▸ Task material:
┄┄┄┄┄┄

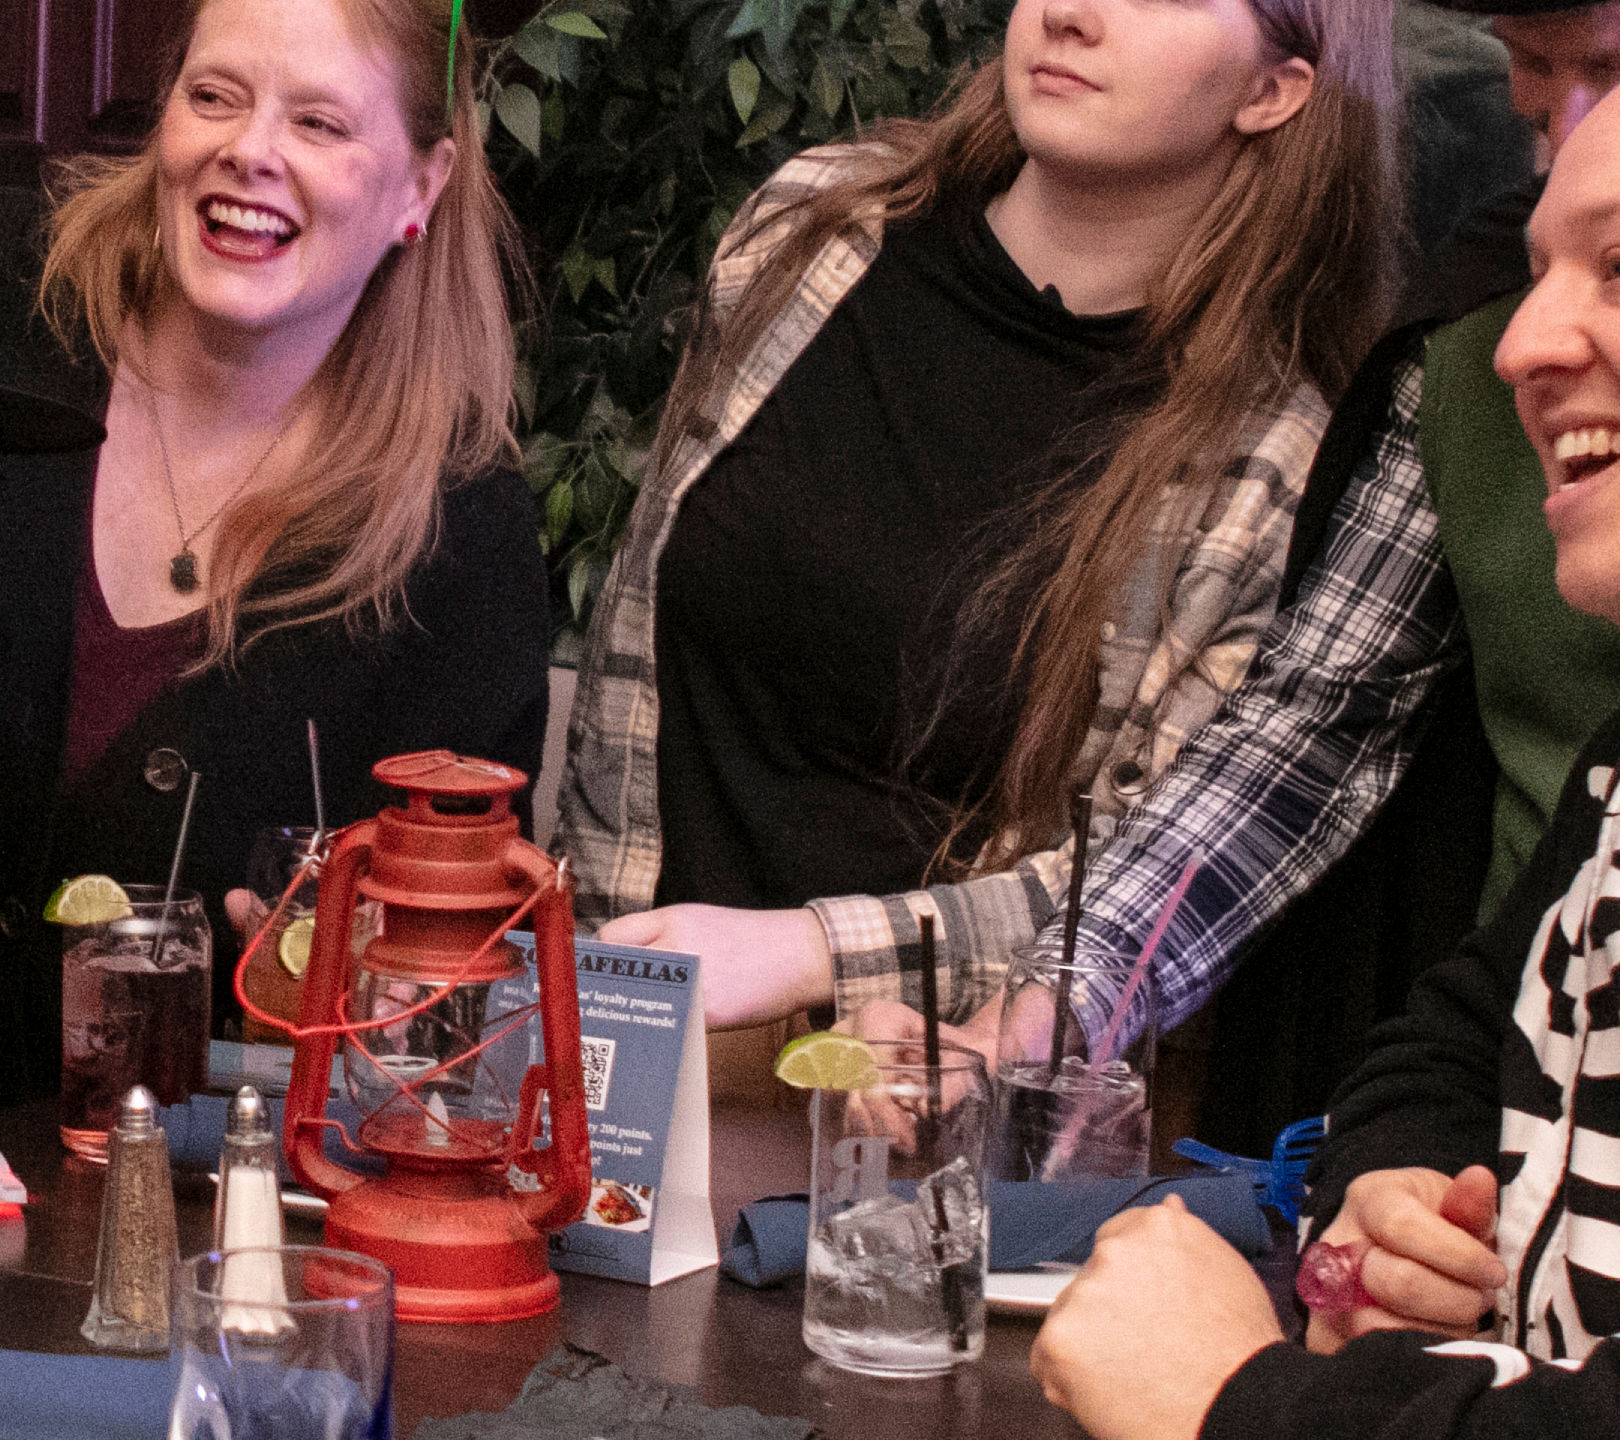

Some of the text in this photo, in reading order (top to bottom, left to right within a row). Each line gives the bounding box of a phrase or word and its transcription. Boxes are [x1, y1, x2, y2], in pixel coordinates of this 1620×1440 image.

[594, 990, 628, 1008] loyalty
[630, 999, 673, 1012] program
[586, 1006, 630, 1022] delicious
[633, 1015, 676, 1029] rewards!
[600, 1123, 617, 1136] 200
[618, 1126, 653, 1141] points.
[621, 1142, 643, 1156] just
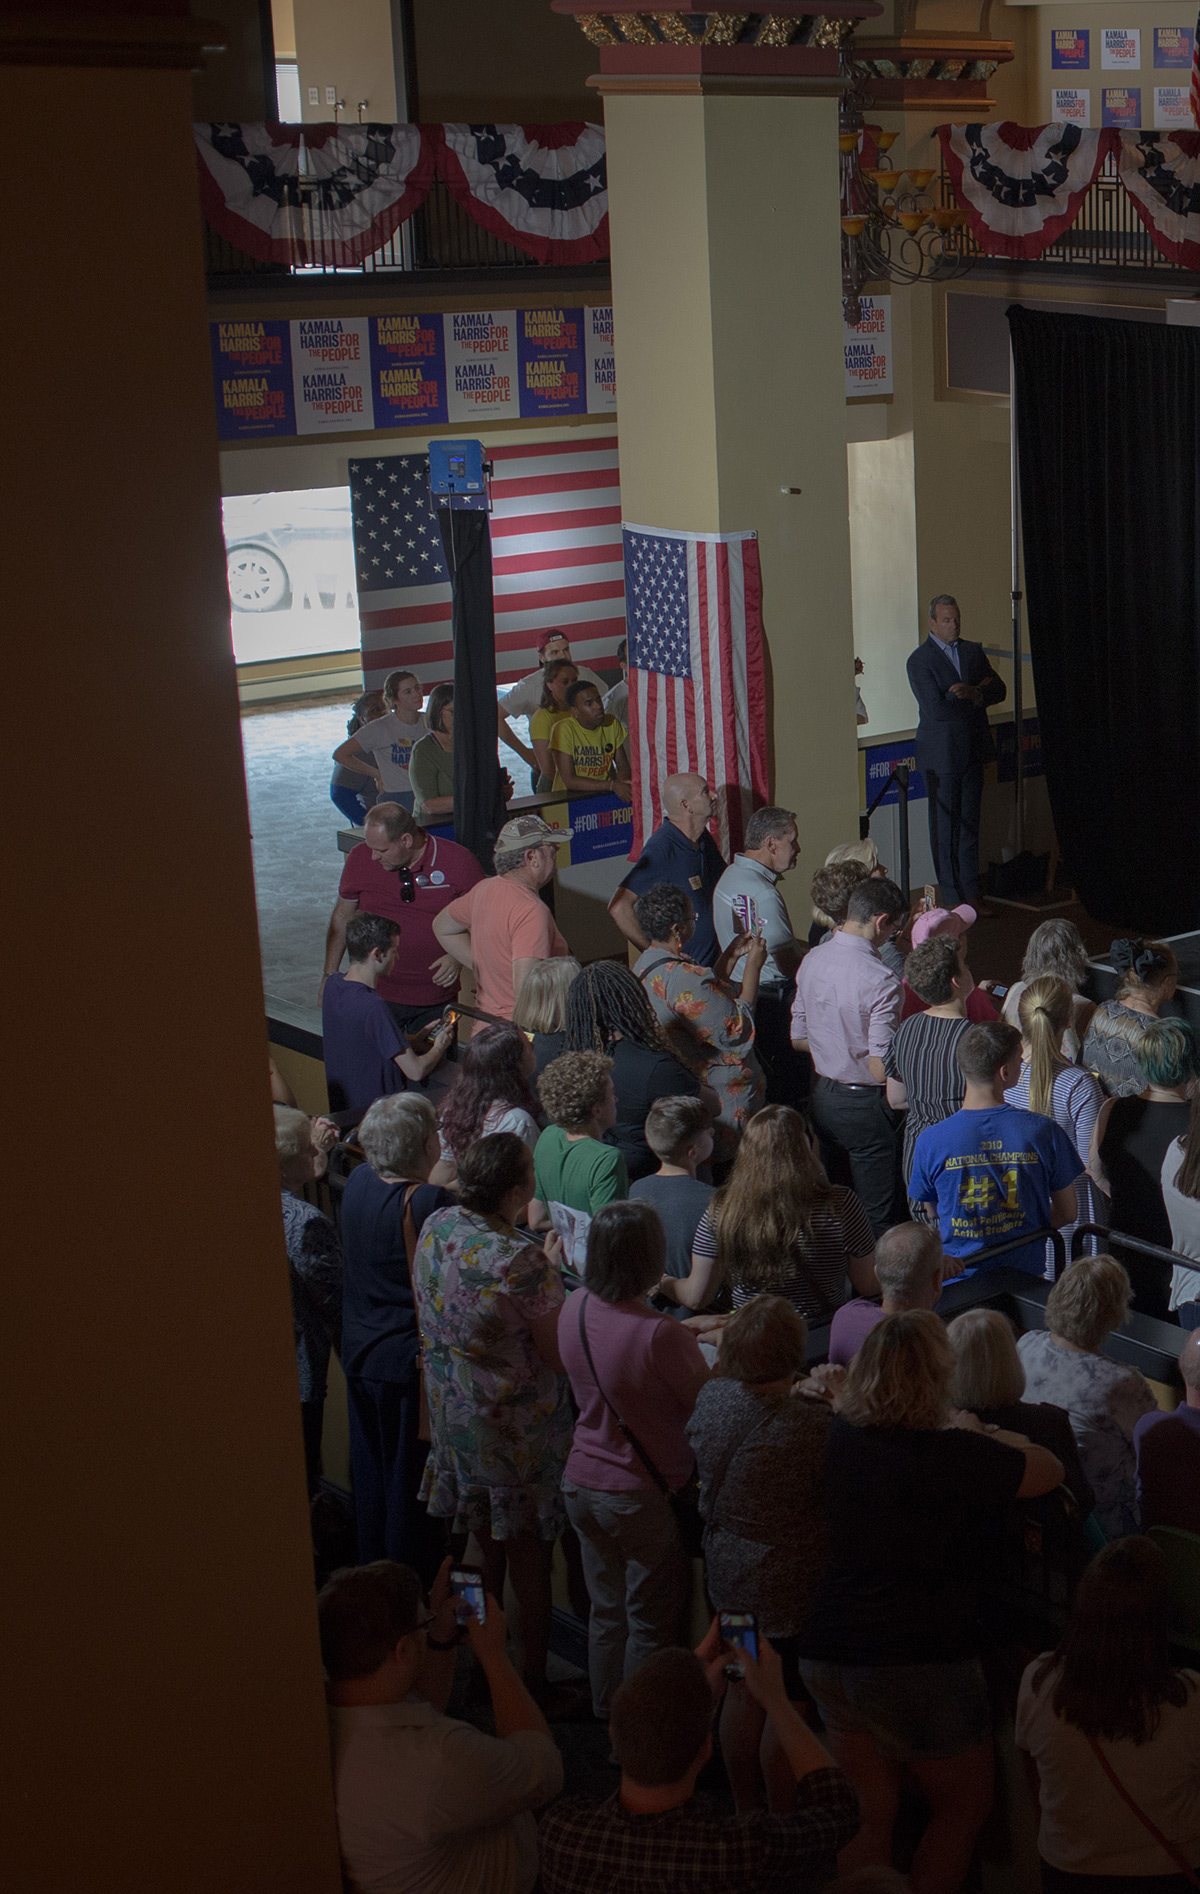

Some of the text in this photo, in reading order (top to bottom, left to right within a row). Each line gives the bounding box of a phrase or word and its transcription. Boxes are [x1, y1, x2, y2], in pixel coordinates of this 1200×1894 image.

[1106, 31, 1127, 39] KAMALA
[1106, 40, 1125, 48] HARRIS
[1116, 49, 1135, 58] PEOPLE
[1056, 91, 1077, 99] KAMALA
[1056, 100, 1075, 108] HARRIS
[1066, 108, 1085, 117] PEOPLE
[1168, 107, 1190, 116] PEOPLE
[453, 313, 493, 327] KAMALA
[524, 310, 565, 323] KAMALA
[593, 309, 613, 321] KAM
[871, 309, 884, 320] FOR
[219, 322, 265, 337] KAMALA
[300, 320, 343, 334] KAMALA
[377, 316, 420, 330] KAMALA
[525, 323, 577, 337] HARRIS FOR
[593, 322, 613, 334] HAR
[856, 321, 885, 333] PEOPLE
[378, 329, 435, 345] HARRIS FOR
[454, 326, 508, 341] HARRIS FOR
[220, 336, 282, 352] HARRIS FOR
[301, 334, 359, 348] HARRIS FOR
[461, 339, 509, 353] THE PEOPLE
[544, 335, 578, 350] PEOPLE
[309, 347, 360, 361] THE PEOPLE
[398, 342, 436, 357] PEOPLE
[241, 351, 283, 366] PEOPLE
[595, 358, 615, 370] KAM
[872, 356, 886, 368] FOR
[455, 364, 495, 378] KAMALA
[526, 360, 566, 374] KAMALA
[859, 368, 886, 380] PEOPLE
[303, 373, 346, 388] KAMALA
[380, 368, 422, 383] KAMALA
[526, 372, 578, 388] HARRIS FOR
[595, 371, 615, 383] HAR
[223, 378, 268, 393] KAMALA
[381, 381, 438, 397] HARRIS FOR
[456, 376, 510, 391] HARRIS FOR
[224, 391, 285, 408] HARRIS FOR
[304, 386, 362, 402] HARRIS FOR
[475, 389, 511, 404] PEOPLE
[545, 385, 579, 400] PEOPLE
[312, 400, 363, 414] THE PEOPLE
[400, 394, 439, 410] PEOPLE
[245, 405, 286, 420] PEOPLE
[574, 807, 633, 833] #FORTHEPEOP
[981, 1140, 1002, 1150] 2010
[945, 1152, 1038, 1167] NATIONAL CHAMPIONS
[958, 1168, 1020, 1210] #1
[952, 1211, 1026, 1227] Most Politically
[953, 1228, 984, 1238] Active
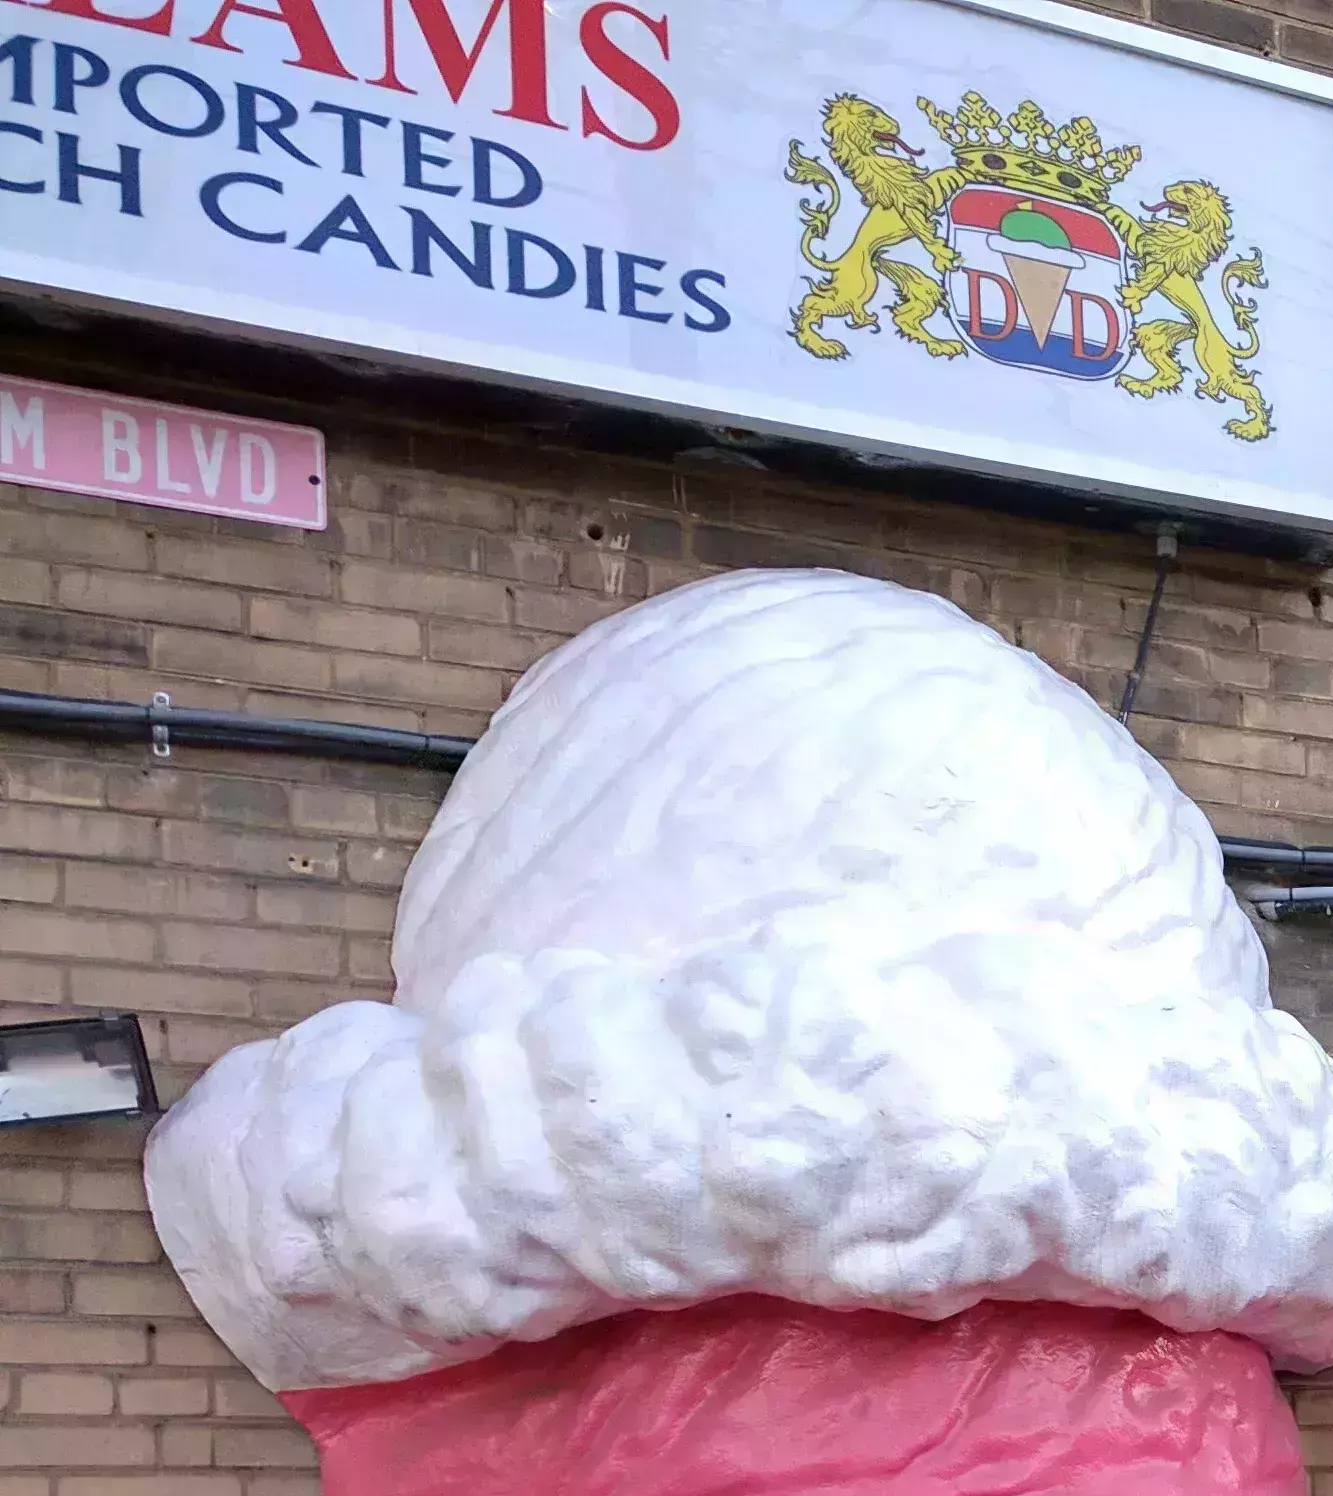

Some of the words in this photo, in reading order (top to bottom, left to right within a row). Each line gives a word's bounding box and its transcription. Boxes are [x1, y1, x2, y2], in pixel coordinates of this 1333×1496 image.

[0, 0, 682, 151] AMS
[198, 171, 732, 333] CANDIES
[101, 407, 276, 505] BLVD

┄┄┄┄┄┄

Repeat the listing above word for word. Do not include the pictures.

Some of the text in this photo, in reading order (top to bottom, left to right within a row). Each line gives the bounding box of a phrase or word and its transcription. Boxes are [x1, y1, x2, y2], in pixel coordinates of this 1620×1440 image.

[594, 990, 628, 1008] loyalty
[630, 999, 673, 1012] program
[586, 1006, 630, 1022] delicious
[633, 1015, 676, 1029] rewards!
[600, 1123, 617, 1136] 200
[618, 1126, 653, 1141] points.
[621, 1142, 643, 1156] just

Some of the text in this photo, in reading order (top to bottom, left to right within a row). Each line gives the bounding box of a phrase or word and its transcription. Boxes are [x1, y1, x2, y2], in pixel coordinates of this 1200×1894 image.

[1106, 31, 1127, 39] KAMALA
[1106, 40, 1125, 48] HARRIS
[1116, 49, 1135, 58] PEOPLE
[1056, 91, 1077, 99] KAMALA
[1056, 100, 1075, 108] HARRIS
[1066, 108, 1085, 117] PEOPLE
[1168, 107, 1190, 116] PEOPLE
[453, 313, 493, 327] KAMALA
[524, 310, 565, 323] KAMALA
[593, 309, 613, 321] KAM
[871, 309, 884, 320] FOR
[219, 322, 265, 337] KAMALA
[300, 320, 343, 334] KAMALA
[377, 316, 420, 330] KAMALA
[525, 323, 577, 337] HARRIS FOR
[593, 322, 613, 334] HAR
[856, 321, 885, 333] PEOPLE
[378, 329, 435, 345] HARRIS FOR
[454, 326, 508, 341] HARRIS FOR
[220, 336, 282, 352] HARRIS FOR
[301, 334, 359, 348] HARRIS FOR
[461, 339, 509, 353] THE PEOPLE
[544, 335, 578, 350] PEOPLE
[309, 347, 360, 361] THE PEOPLE
[398, 342, 436, 357] PEOPLE
[241, 351, 283, 366] PEOPLE
[595, 358, 615, 370] KAM
[872, 356, 886, 368] FOR
[455, 364, 495, 378] KAMALA
[526, 360, 566, 374] KAMALA
[859, 368, 886, 380] PEOPLE
[303, 373, 346, 388] KAMALA
[380, 368, 422, 383] KAMALA
[526, 372, 578, 388] HARRIS FOR
[595, 371, 615, 383] HAR
[223, 378, 268, 393] KAMALA
[381, 381, 438, 397] HARRIS FOR
[456, 376, 510, 391] HARRIS FOR
[224, 391, 285, 408] HARRIS FOR
[304, 386, 362, 402] HARRIS FOR
[475, 389, 511, 404] PEOPLE
[545, 385, 579, 400] PEOPLE
[312, 400, 363, 414] THE PEOPLE
[400, 394, 439, 410] PEOPLE
[245, 405, 286, 420] PEOPLE
[574, 807, 633, 833] #FORTHEPEOP
[981, 1140, 1002, 1150] 2010
[945, 1152, 1038, 1167] NATIONAL CHAMPIONS
[958, 1168, 1020, 1210] #1
[952, 1211, 1026, 1227] Most Politically
[953, 1228, 984, 1238] Active

Some of the words in this photo, in reading order (top to bottom, left to right within a row). Each line gives a word's bounding box and its transcription. Boxes are [x1, y1, x2, y2], in pixel coordinates of this 1333×1496 image.

[0, 0, 682, 151] AMS
[198, 171, 732, 333] CANDIES
[101, 407, 276, 505] BLVD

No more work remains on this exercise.